The Wall Street Journal takes note of an issue that’s growing in importance: Whether crude from the Bakken oil-shale formation is more volatile, and explosive, than other kinds of crude oil that comes out of the ground.

The geological makeup of the oil is crucial to regulators who are in the process of deciding whether to impose additional restrictions on companies that transport Bakken crude by railways.

The WSJ story begins:

Regulators set to decide on crude-by-rail shipping rules are relying on testing methods that may understate the explosive risk of the crude, according to a growing chorus of industry and Canadian officials.

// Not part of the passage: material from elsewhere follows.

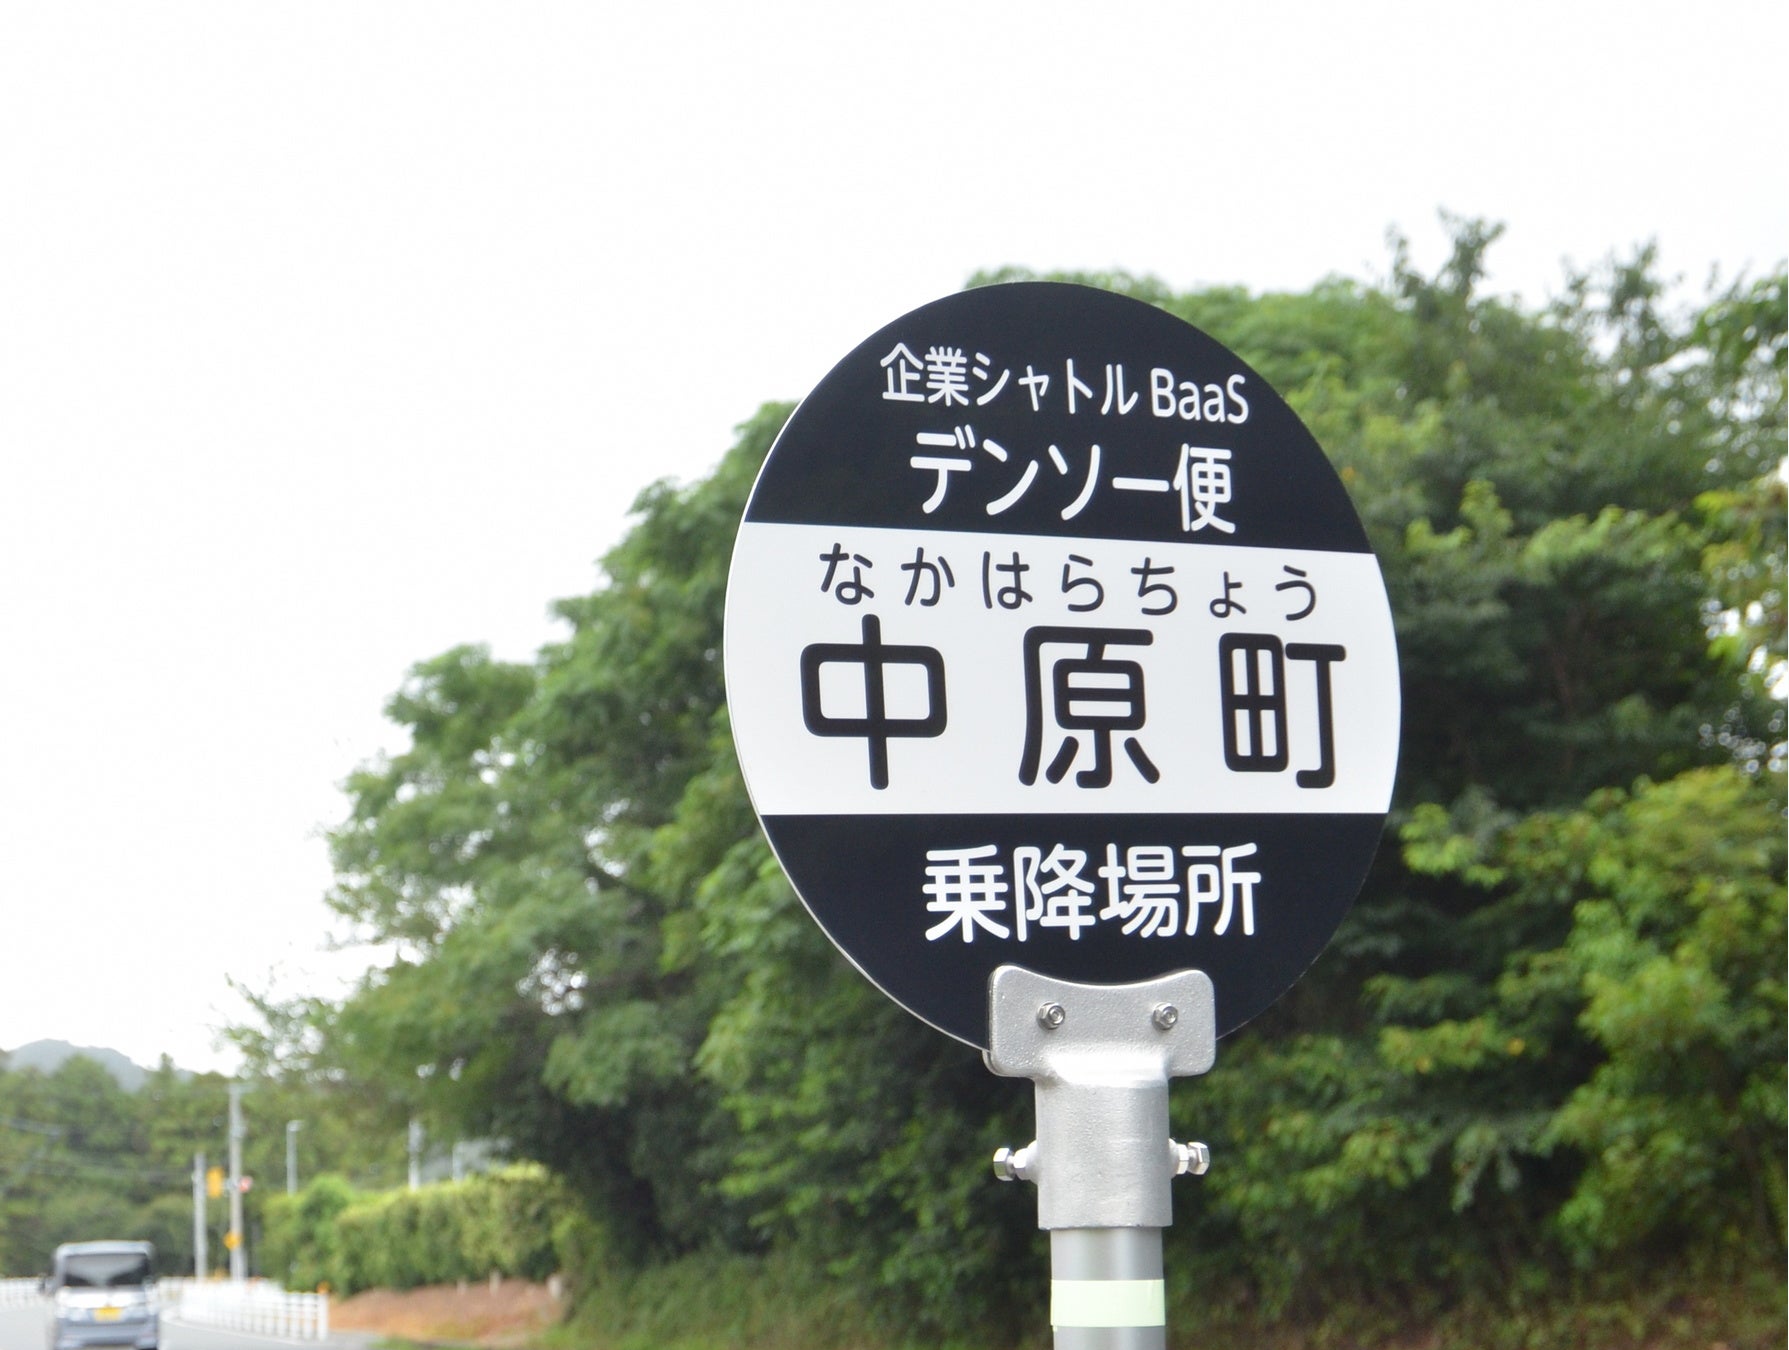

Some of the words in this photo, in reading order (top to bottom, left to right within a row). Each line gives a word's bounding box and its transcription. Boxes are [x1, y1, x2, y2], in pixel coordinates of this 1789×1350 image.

The tests’ accuracy is central to addressing the safety of growing crude-by-rail shipments across the continent: whether Bakken crude contains potentially dangerous levels of dissolved gases. Several trains carrying Bakken crude have exploded after derailing, including a fiery accident last year that killed 47 people in a small town in Quebec.

The North Dakota Industrial Commission is expected to decide Thursday whether to impose new rules on transporting oil on railroads. A study by the state’s Petroleum Council concluded that Bakken crude was no more volatile than other light crudes found in Texas and other fields. But the testing that went into that report might have allowed flammable gases, called light ends, to escape before the samples were collected and processed.

The U.S. Department of Transportation also has proposed new safety rules for oil by rail, including phasing out the aging tanker cars (called DOT 111) used to transport the oil within two years.

Exec: North American rail network could be headed for gridlock

Calgary-based Canadian Pacific Railway Ltd., has dropped merger talks with CSX Corp. of Jacksonville, Fla., and remarks this week by the always-blunt Canadian Pacific CEO E. Hunter Harrison are very telling about the future of oil traveling by rail.

The volume of oil, including that produced in the Bakken shale formation in North Dakota and southern Canada, is soaring, and yet many communities are concerned about the increased rail traffic to carry the oil to refineries. In 2013 a derailment and resulting inferno in Quebec killed 47 people, and since then the issue has been on the minds of activists, local politicians and the U.S. government, which is considering stronger tank-car hulls and other safety improvements.

Harrison said mergers are needed to prevent gridlock in the North American rail system.

“There’s a desire to put more tonnage on the rail,” Harrison said during a conference call Tuesday, according to Toronto’s Globe and Mail. At the same time, governments are saying that we want to slow you down because of [hazardous materials] and crude. There’s no more infrastructure [being built]. No one wants the railroad to run through their backyard, or their city.”

E&E Publishing’s Blake Sobczak has much more from Harrison on that subject. Here are quotes from Harrison in a story Wednesday on E&E’s Energy Wire page (subscription required):

“We even have issues on our network now where there’s city councils and groups of citizens banded together who say, ‘We don’t want you to run trains at night.’ … In my view, at least, we are quickly approaching a time where none of this works.”

In New York state, a coalition of environmental groups led by Earthjustice filed a petition with the state urging a ban on allowing older DOT-111 tank cars going through the Port of Albany. Charlene Benton, president of the Ezra Prentice Homes Tenants Association, said in an Earthjustice statement that many families live “within a few feet of these bomb trains. Our families deserve to live free of the daily fear that one of these trains will blow up in our backyard. The time to act is now, before it is too late.”